WORK INSTRUCTION. Print the data that follows again, keeping every line exact.

======== RECORDS SUPPLIED ========

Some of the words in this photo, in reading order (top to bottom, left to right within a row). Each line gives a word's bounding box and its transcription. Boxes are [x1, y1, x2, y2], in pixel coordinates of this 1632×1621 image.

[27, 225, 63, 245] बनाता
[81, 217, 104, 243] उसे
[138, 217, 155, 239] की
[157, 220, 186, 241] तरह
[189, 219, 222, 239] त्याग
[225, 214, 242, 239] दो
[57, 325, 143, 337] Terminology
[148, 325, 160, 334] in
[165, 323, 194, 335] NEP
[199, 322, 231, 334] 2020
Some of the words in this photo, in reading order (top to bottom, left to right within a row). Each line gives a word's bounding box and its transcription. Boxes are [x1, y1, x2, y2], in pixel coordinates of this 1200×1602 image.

========

RESULT.
Some of the words in this photo, in reading order (top to bottom, left to right within a row). Each line gives a word's bounding box and its transcription. Boxes are [x1, y1, x2, y2], in pixel coordinates of this 1632×1621 image.

[27, 225, 63, 245] बनाता
[81, 217, 104, 243] उसे
[138, 217, 155, 239] की
[157, 220, 186, 241] तरह
[189, 219, 222, 239] त्याग
[225, 214, 242, 239] दो
[57, 325, 143, 337] Terminology
[148, 325, 160, 334] in
[165, 323, 194, 335] NEP
[199, 322, 231, 334] 2020
Some of the words in this photo, in reading order (top to bottom, left to right within a row). Each line gives a word's bounding box and its transcription. Boxes are [x1, y1, x2, y2], in pixel coordinates of this 1200×1602 image.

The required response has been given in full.